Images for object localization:
- - -

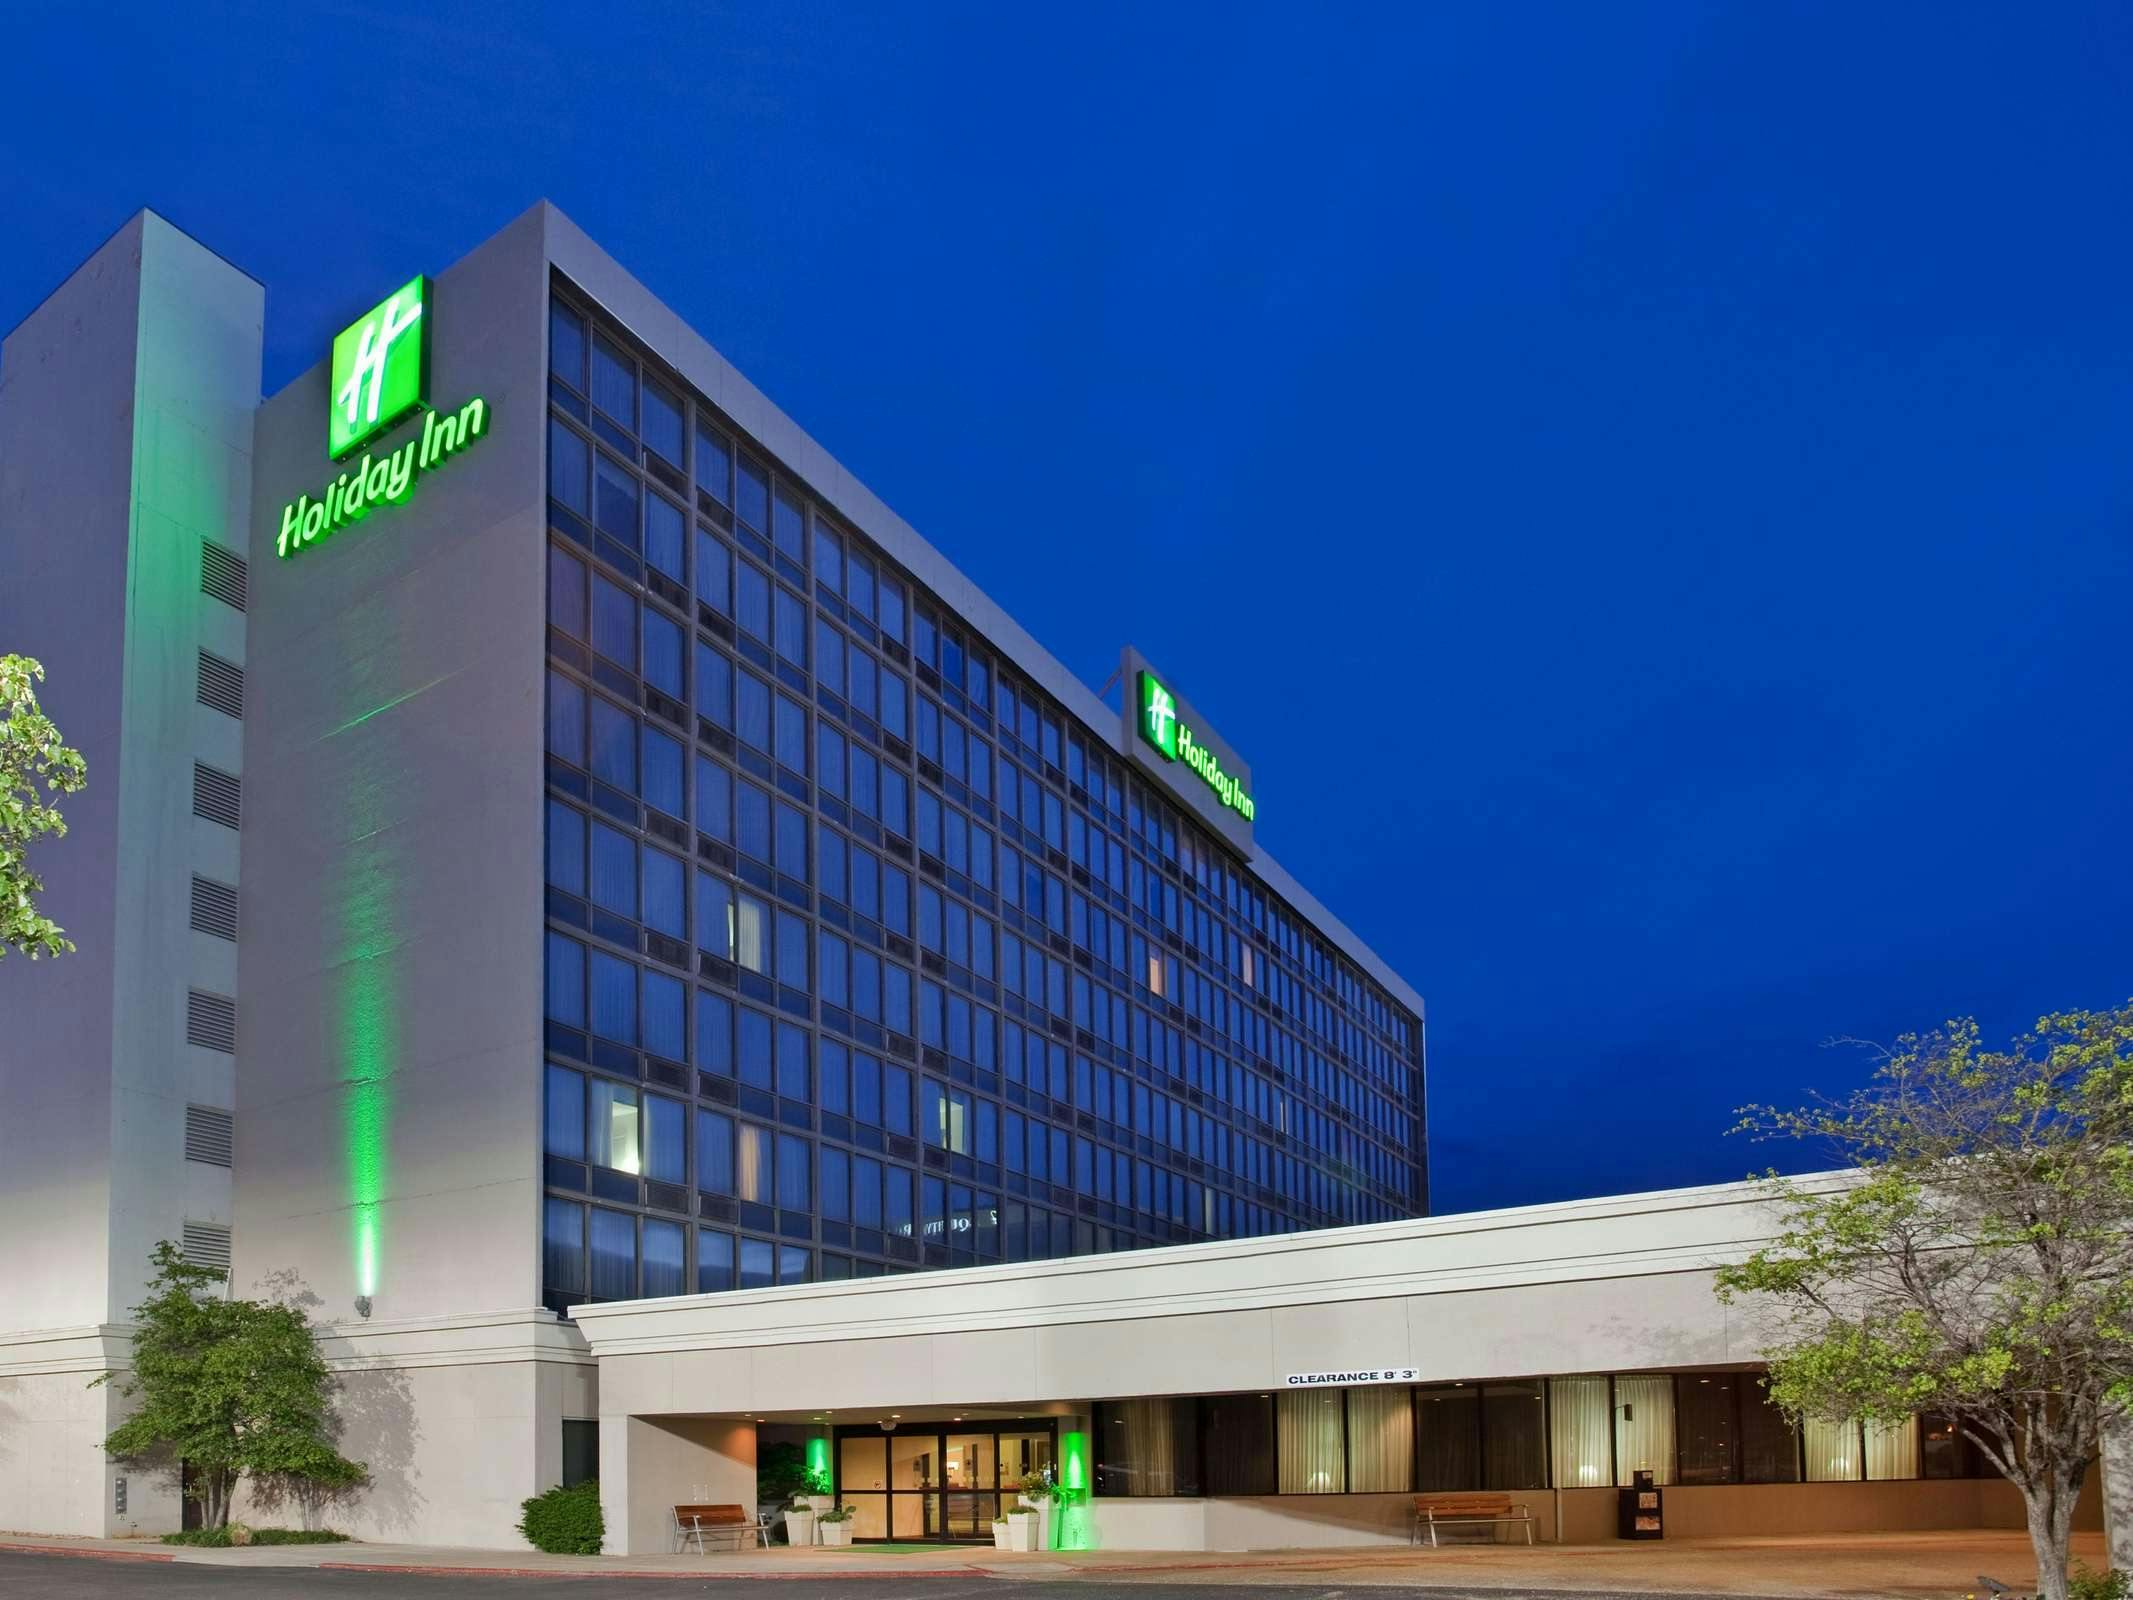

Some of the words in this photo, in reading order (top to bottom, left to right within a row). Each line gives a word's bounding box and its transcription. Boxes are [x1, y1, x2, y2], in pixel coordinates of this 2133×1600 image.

[336, 296, 422, 425] H
[277, 441, 416, 557] Holiday
[419, 398, 487, 469] Inn
[1147, 687, 1176, 744] H
[1178, 724, 1233, 806] Holiday
[1234, 778, 1254, 821] Inn
[1288, 1371, 1379, 1384] CLEARANCE

- - -

Task details:
Retype every entry exactly as written. Leave the pictures out.

Your solution:
Some of the words in this photo, in reading order (top to bottom, left to right within a row). Each line gives a word's bounding box and its transcription. Boxes are [x1, y1, x2, y2], in pixel coordinates of this 2133×1600 image.

[336, 296, 422, 425] H
[277, 441, 416, 557] Holiday
[419, 398, 487, 469] Inn
[1147, 687, 1176, 744] H
[1178, 724, 1233, 806] Holiday
[1234, 778, 1254, 821] Inn
[1288, 1371, 1379, 1384] CLEARANCE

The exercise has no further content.